Friday Night Music Club

Having finally polished off the six parts of Volume 6 last week to less than rapturous applause, we move swiftly on to Volume 7, and a return to the Indie disco and *gulps* a ‘theme’.

I would imagine that most of you will spot the theme when the first track drops. If you don’t, then I would suggest you’re probably the sort of person who should be out handing out Covid conspiracy and anti-mask leaflets with Piers Corbyn.

I really enjoyed putting this mix together, and had a good old sing-a-long to it when listening back to it to check for ‘quality’ purposes (feedback and training, y’know the sort of thing).

Not that you should take that as me likening it to telephone hold music, far from it: here you’ve got 22 songs crammed into 70 minutes, only two of which dare to outstay their welcome by venturing past the four-minute mark.
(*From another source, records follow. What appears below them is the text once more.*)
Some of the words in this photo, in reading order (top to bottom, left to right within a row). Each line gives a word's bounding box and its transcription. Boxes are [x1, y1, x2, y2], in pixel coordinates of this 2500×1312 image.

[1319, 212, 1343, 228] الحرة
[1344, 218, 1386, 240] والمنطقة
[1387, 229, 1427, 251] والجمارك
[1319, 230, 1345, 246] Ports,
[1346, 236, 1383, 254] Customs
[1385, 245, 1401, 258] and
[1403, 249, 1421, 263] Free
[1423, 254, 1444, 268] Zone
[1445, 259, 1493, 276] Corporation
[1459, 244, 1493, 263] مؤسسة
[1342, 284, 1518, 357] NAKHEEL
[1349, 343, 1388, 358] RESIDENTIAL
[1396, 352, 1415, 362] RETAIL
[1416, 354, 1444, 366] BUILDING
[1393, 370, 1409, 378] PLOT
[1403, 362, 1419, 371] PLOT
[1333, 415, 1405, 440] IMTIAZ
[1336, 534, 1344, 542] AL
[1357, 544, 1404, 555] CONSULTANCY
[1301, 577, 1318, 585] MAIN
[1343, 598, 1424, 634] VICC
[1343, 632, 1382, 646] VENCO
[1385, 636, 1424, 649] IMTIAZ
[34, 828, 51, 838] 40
There’s the usual mix of songs you may have forgotten about, scattered amongst the ones you’ve never heard before, and maybe some you never want to hear again, there’s pop, there’s balls-out rockers (or whatever the female equivalent is….realises that L7 feature, and they literally showed us when they appeared on The Word), there’s a couple of tremendous cover versions. Something for everyone, in other words.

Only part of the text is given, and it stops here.